C'è nel Bacco in Toscana un equilibratissimo gioco tra cultura e tecnica letteraria da un lato, e l'impeto di un estro divertito e poetico dall'altro; ma i due elementi non si intralciano e non si contrastano: piuttosto mutuamente si condizionano e si sottolineano. La scaltrezza del letterato si alleggerisce e si rallegra sempre nell'immagine netta e nell'accavallarsi rapido e lieve dei metri, l'estrosità del poeta si sostanzia e si fissa in una continuata e sorvegliata invenzione; ed il risultato è quell'artificiosa naturalezza di cui ha detto un critico Moderno (il Pancrazi)...

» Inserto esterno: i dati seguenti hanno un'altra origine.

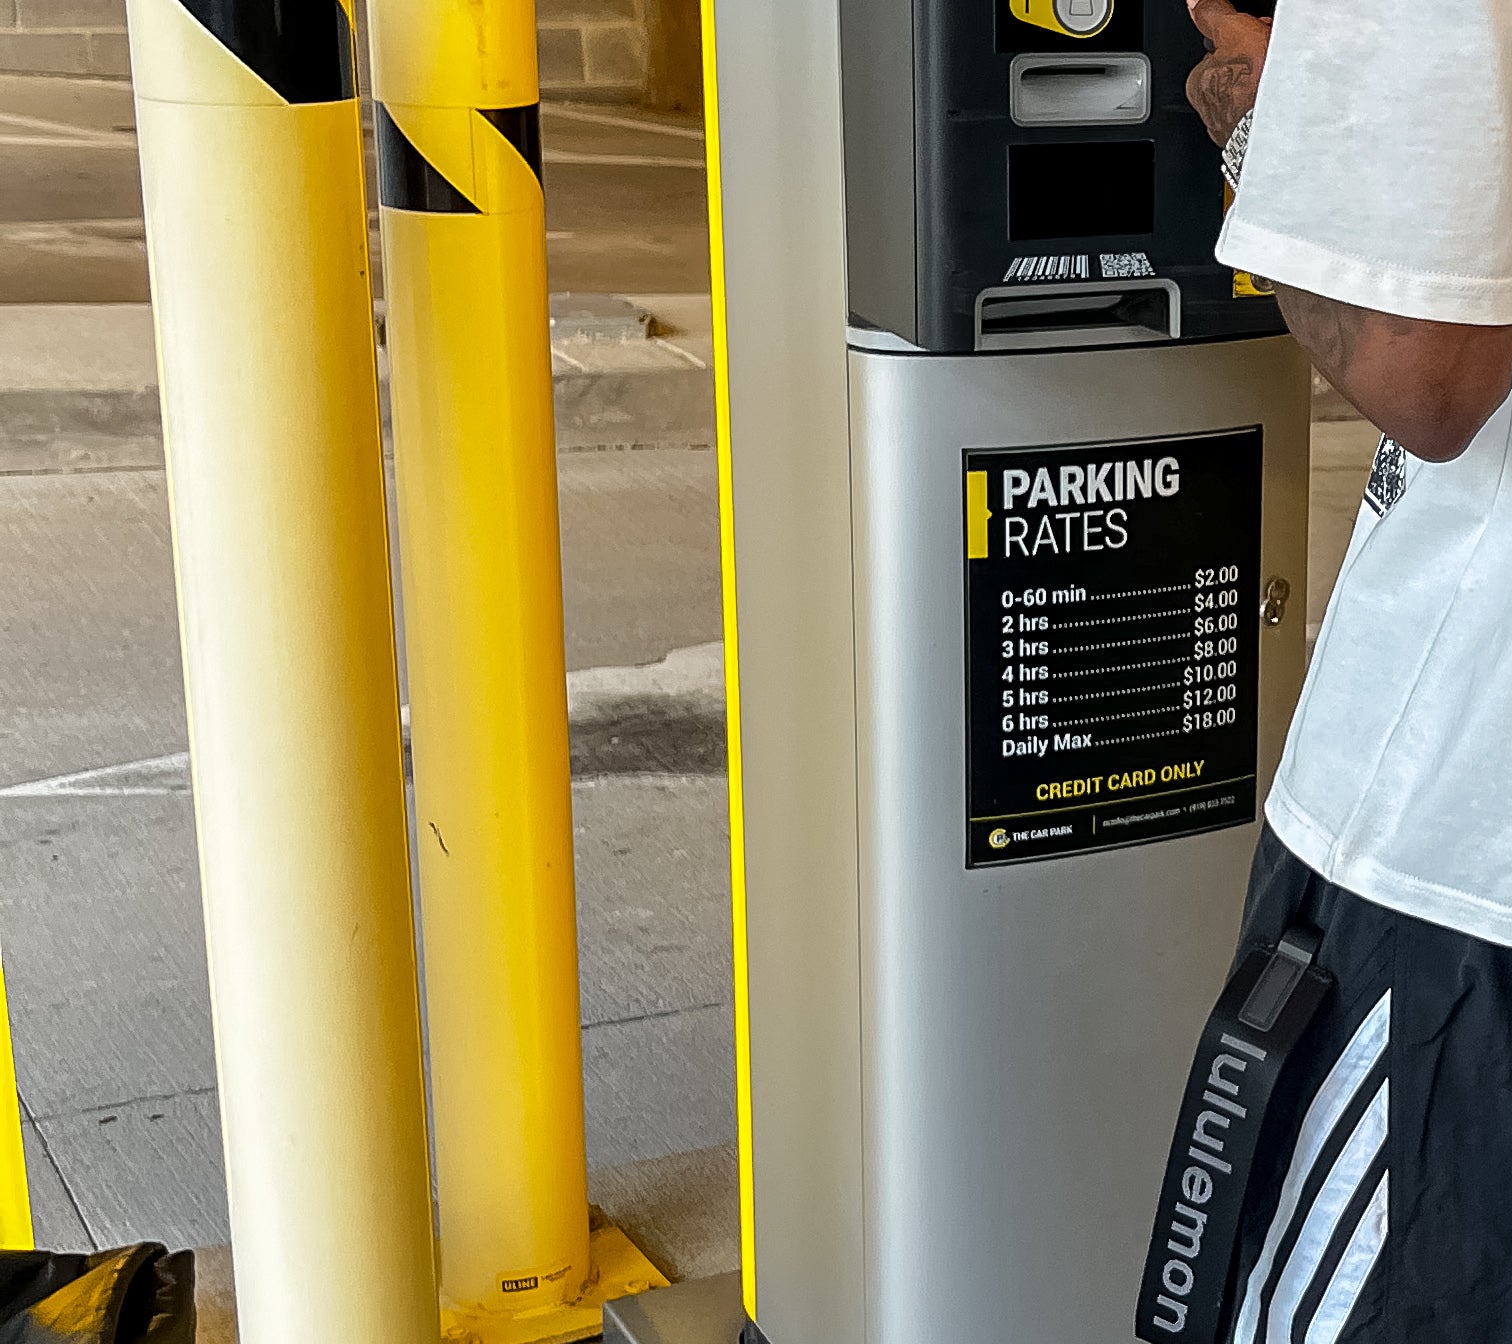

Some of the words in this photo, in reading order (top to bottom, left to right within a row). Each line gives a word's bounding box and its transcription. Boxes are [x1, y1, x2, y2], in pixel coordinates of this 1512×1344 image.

      Il Ditirambo ci offre uno spaccato della società secentesca e barocca coi suoi giochi di corte estivi, col tipo di strumenti usati all'aperto, con il comportamento cortese dei cortigiani, in cui tutto sembra naturale e invece è studiato nei più piccoli particolari dall'inchino al modo di parlare, dal linguaggio ai gesti, al vestire, al camminare, al sedersi sull'erba, fino all'ubbidienza al Principe, cieca e assoluta, nella quale i moti dell'animo sono praticamente esclusi: Bacco è un po' come il Principe Granduca, e la Corte è rappresentata dai Satiri e dalle Ninfe.
       La vita di Corte scivolava lenta e noiosa, fatta da mille impegni per lo più inutili, che distraevano il Redi dalle sue occupazioni predilette, dei quali ebbe qualche volta a lamentarsi, anche se mai in maniera almeno un po' vigorosa: il vigore doveva essere limitato a contrasti assolutamente apparenti e sostanzialmente vuoti, come in una lamentela ( n. 17) contro il figlio del Marchese Pierfrancesco Vitelli, Capitano della Guardia del Granduca, un po' troppo avaro, mentre trascorre l'inverno nella sua villa all'Ambrogiana insieme alla Corte; scrive il Redi:

a quel vostro figliuol, che tanto amate;

       A quel vostro figliuol (Signor Marchese)
che la regia anticamera governa,
a quel vostro figiuol, che quando verna,
non vuol veder mai le fascine accese.
       Grida, strida, schiamazza, e pare un diavolo
a cui l'Angel Michel tolt'abbia un'anima,
e contro me sì bestialmente e s'anima,
che vuol mandarmi ad ingrassare il cavolo.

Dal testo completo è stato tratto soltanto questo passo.